What's required is a verbatim printout of all the data.
** DATA PROVIDED follows **
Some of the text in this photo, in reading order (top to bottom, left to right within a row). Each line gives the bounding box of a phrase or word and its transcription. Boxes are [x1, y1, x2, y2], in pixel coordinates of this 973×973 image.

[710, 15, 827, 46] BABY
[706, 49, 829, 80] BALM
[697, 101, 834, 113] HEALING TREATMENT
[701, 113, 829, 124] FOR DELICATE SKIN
** End of DATA PROVIDED **
• [REPLY]:
Some of the text in this photo, in reading order (top to bottom, left to right within a row). Each line gives the bounding box of a phrase or word and its transcription. Boxes are [x1, y1, x2, y2], in pixel coordinates of this 973×973 image.

[710, 15, 827, 46] BABY
[706, 49, 829, 80] BALM
[697, 101, 834, 113] HEALING TREATMENT
[701, 113, 829, 124] FOR DELICATE SKIN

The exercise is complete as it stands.